At the same time, Dr. Bloodworth praised outsourcing initiatives in Eastern European countries such as Russia, Poland and the Czech Republic.  All of these countries are adopting EU safety guidelines and, unlike China, have easy access to most raw materials.

Mr. Principe of Degussa noted that his company formed a joint venture in May with Lynchem, based in Dalian, Liaoning Province, China. Under terms of the agreement, Degussa holds 51% of the venture. According to Degussa, the JV combines Lynchem’s track record in the efficient production of custom-made fine chemicals with Degussa’s strength as a market leader in technology development as well as for good manufacturing practice (GMP) intermediates and APIs for the pharmaceutical industry. According to Degussa, it is the first European supplier to implement the concept of horizontal integration in the custom-manufacturing market.

Some Caveats



All the executives who participated in the DCAT roundtable urged caution when it comes to intellectual property. Dr. Bloodworth, for example, reminded the audience that contracts alone are not enough to protect IP, and he suggested that initial agreements should be limited to existing products and technologies.

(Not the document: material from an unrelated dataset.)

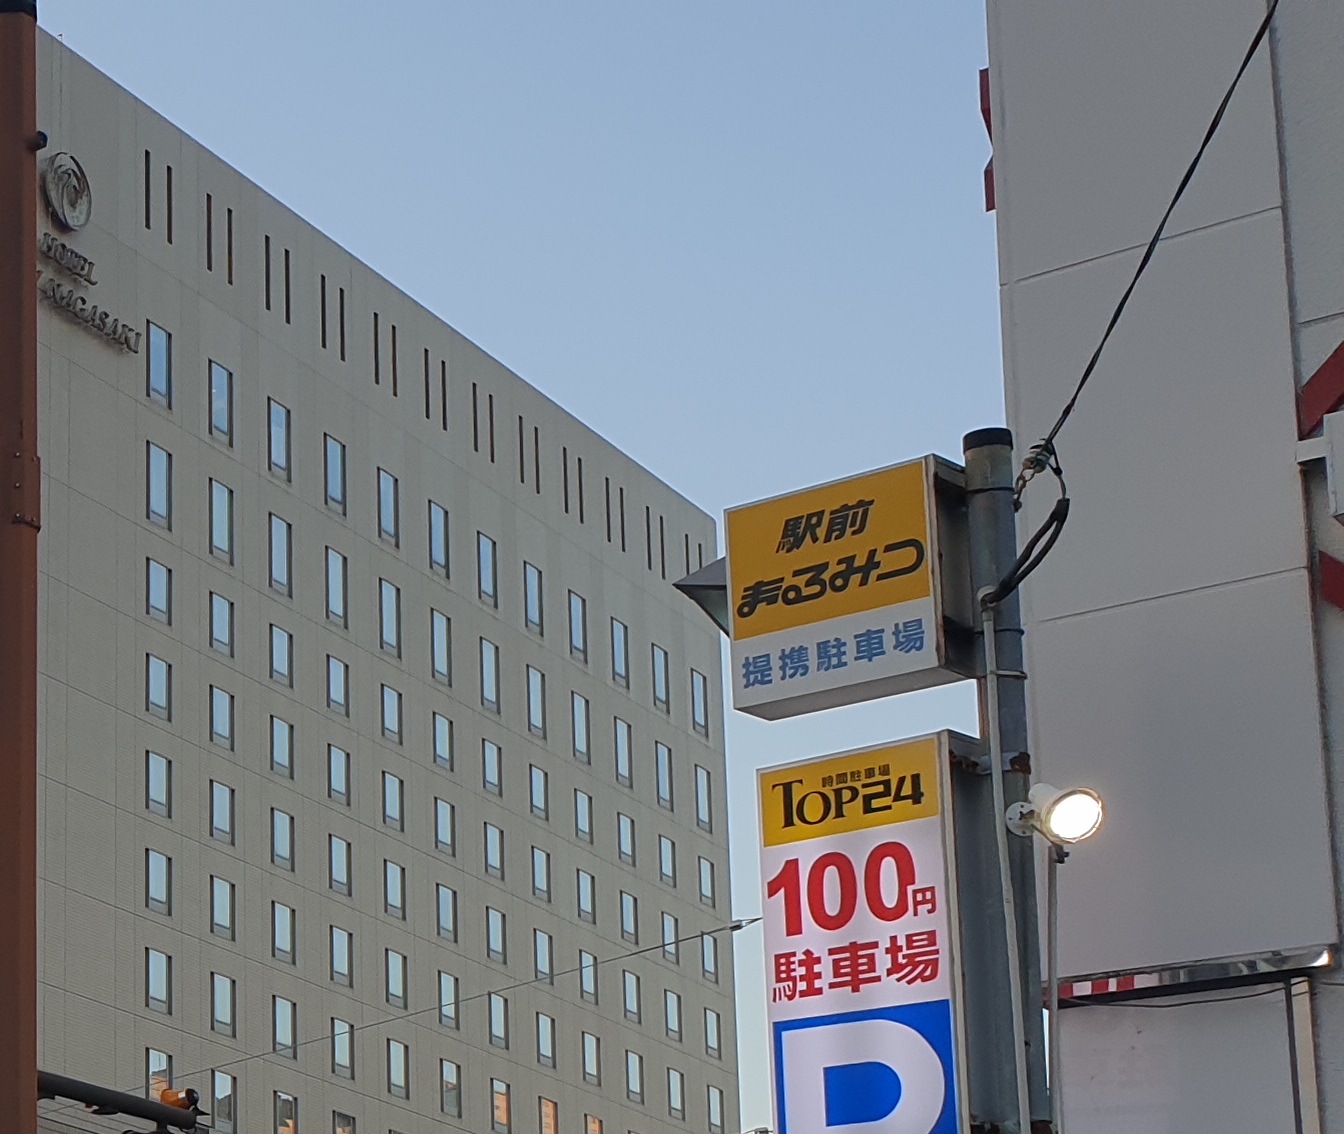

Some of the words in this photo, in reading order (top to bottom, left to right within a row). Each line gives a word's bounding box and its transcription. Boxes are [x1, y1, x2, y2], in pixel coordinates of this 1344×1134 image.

At the same time, nearly every speaker said there is a lack of transparency when it comes to pricing.

“Chinese companies keep three books,” observed one speaker. “One for you, one for the government and one for themselves!”

Costs too can be a problem. As already mentioned, although capital investment and operational costs are much lower in Asia, if a company is forced to used an existing facility, costs can skyrocket and easily approach or even surpass what it would cost to produce material in Western Europe.

To avoid these inflated costs, Mr. Borgas suggested an alternative strategy whereby a global company can exercise its breadth and depth of knowledge and assets to best serve its customers. For example, Lonza uses its facilities in Visp, Switzerland and Braine, Belgium as an R&D hub as well as the production of complex intermediates and large volume APIs. The new site in Nansha, China is responsible for some discovery and development as well as API and intermediate production. Meanwhile, the Lonza site in Riverside, PA is involved in launch and technology transfer  operations, production and controlled substance synthesis. The site in Kourim, Czech Republic is dedicated to fermentation, production and launch of bio-based products.

Like many other successful fine chemical producers, Lonza has realized that a one-region-fits-all approach to sourcing no longer fits in the global fine chemical industry.